Sooner rather than later, in an effort to innovate, I have to get out of the building and talk to real customers.
For example: I sell software development services and I want to grow in the SME segment. Or I develop medical equipment and want to know the best way to commercialize a new technology. Or I want to position myself better in front of the new generations of clients, so as not to become obsolete. I can debate opinions at my meeting table to see who knows more, invest on a “hunch”, or go by my instincts. Or do something better: go out.
High resolution
My preconceptions and stereotypes have low resolution. They are like a pixelated photo.
I can think that the owners of SMEs are not very sophisticated, that the nurses have no influence on the equipment used and that young people prefer to do everything by cell phone.
And when I get out I’m surprised. I speak with owners of SMEs who are very clear about their business, and have a strategic orientation that would be the envy of many larger companies.
I find out that health personnel can greatly influence equipment decisions. I breakfast that young people do not use the cell phone for absolutely everything, but prefer face-to-face interactions in certain cases.
These findings have profound implications for my business. They have the richness, the color and the contradictions of life itself. Their joys, hopes and miseries.
And one may ask, what does that have to do with my business? Everything.
To innovate well, we need high resolution maps.
Observation and motivation
Years ago, during an innovation project, I went to visit the medical material sterilization area of a hospital. A critical task, one of those that is taken for granted.
With the patience of a grandmother, the boss explained to me how the equipment was used, the process, the daily difficulties and the perks of the trade.
The skill to prepare packages of material to be sterilized. The balance between taking advantage of the “bake”, but leaving enough space between these packages so that the heat reached everywhere, and how they made the most of time and material, always scarce.

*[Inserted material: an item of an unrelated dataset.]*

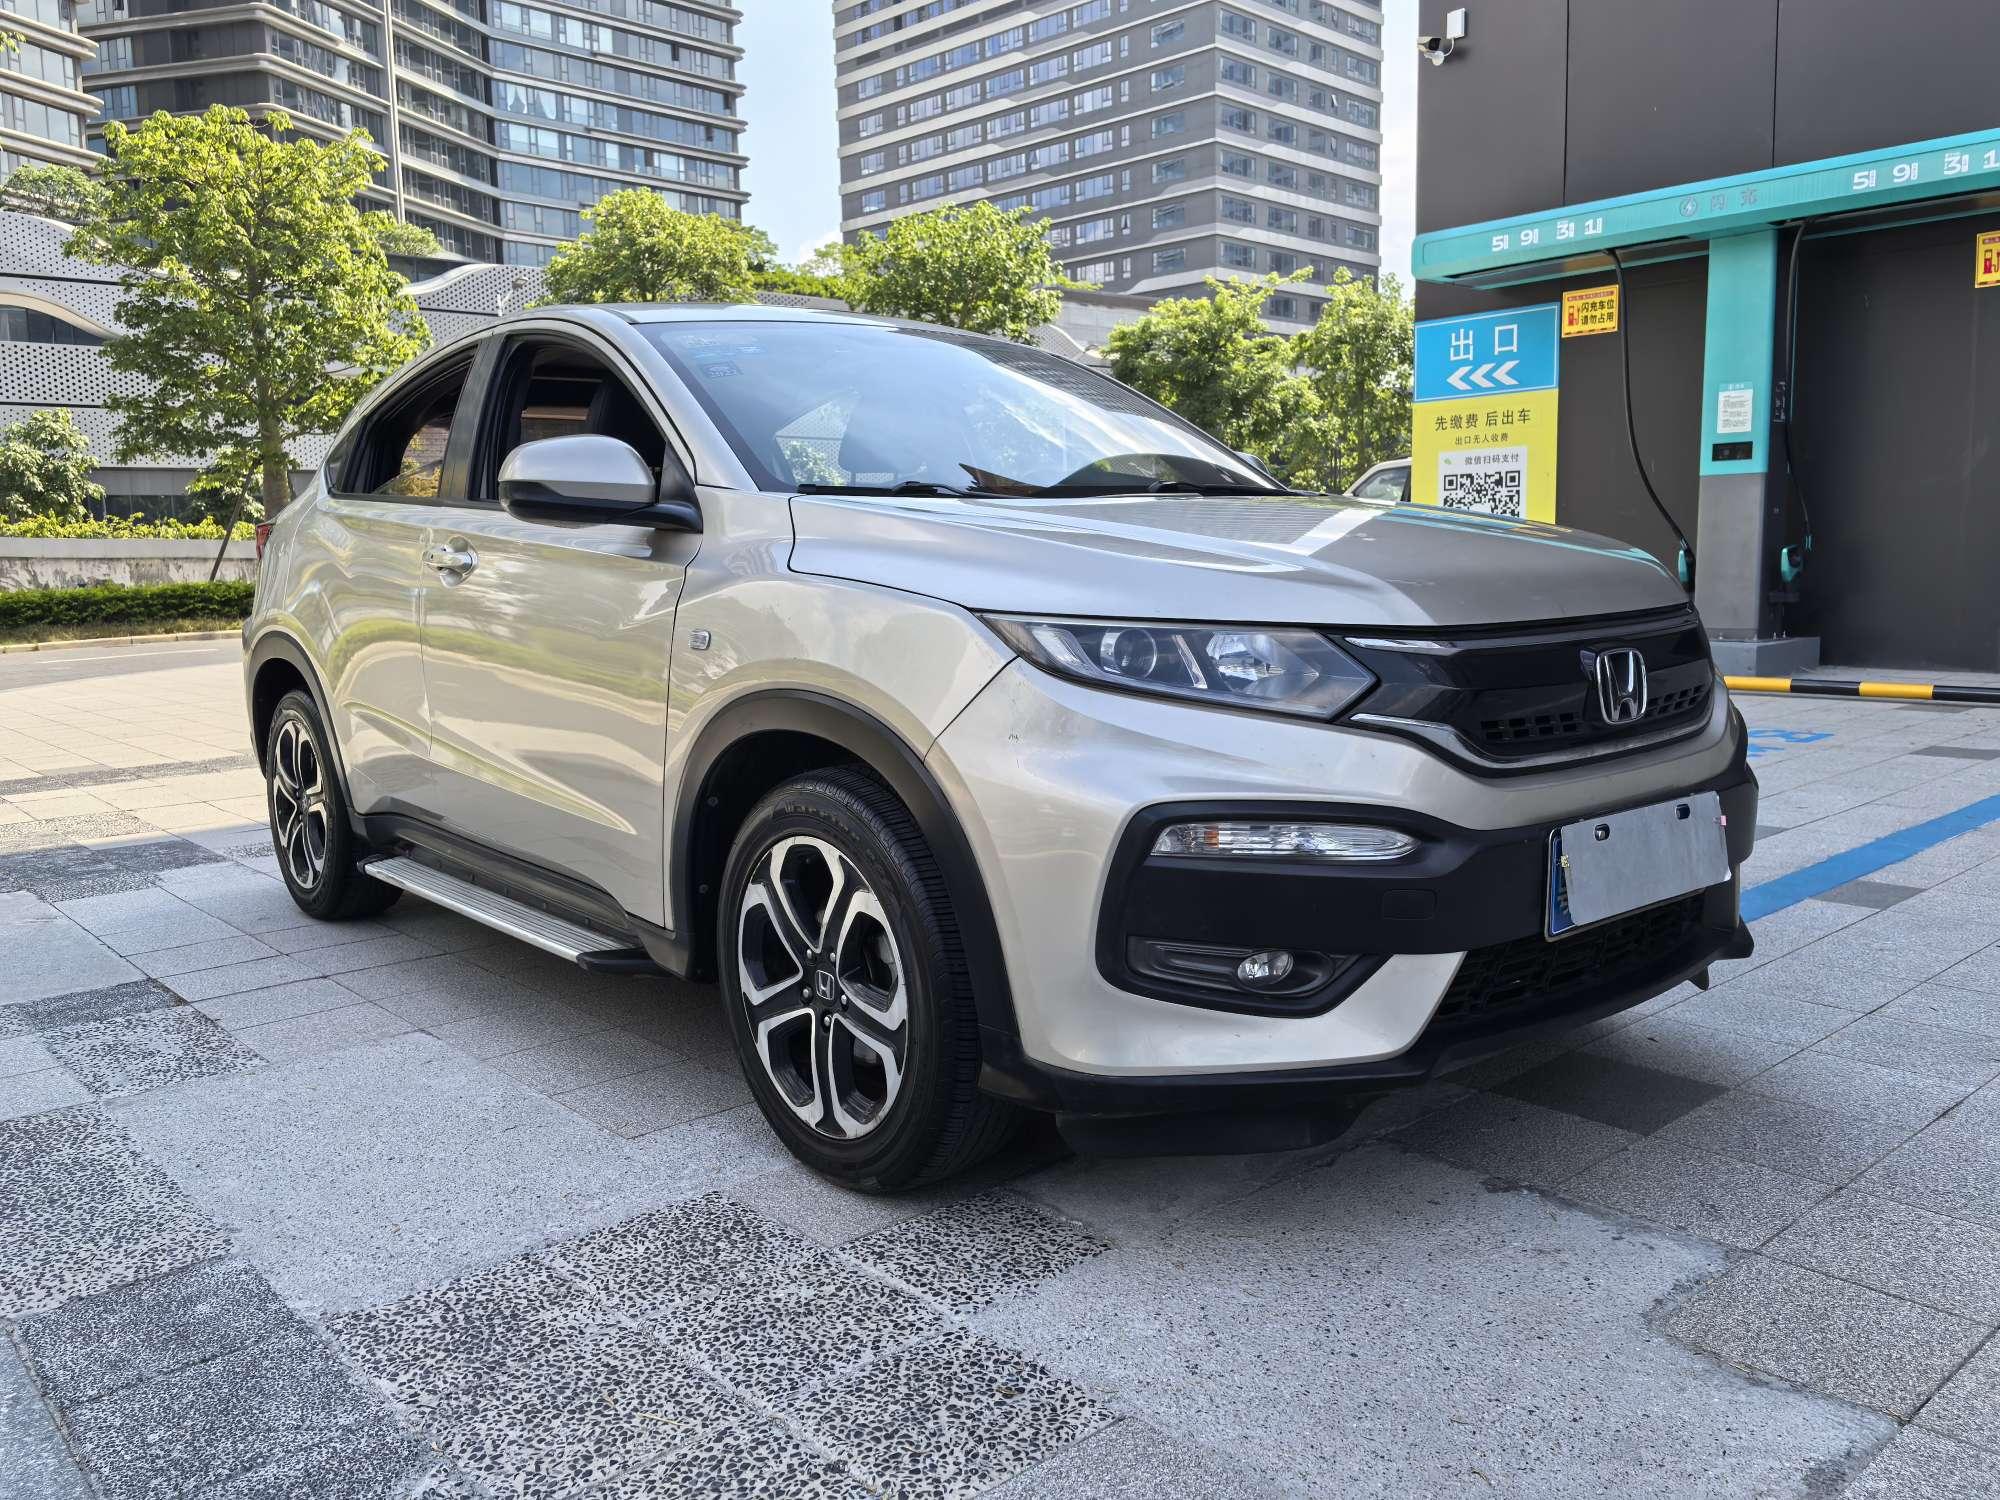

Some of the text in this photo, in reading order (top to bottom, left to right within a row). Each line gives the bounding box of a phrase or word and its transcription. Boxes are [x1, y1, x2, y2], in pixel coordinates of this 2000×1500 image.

A morning with them (this particular team was all women) also taught me how they related, some of their codes, the colors of their personalities, and various house jokes. The pride they felt for that invisible and vital work, enlivened by the music of a veteran radio. She made me want to help so much!
I came back with a lot of ideas to innovate, with very clear priorities, well-incorporated nuances and with the desire to make a difference for those clients.
In first person
A report doesn’t make you want to. In an exploratory effort, if you are going to go out into the field, do it personally and with your team. If, in addition, you have the opportunity to hire a research company, better yet, do it too. But you also came out. Give yourself permission to learn and also to get excited.
Nothing replaces the field. The field changes you, shapes you as an innovator and, above all, makes you humble, which is the first step in helping through innovation. The field is everything.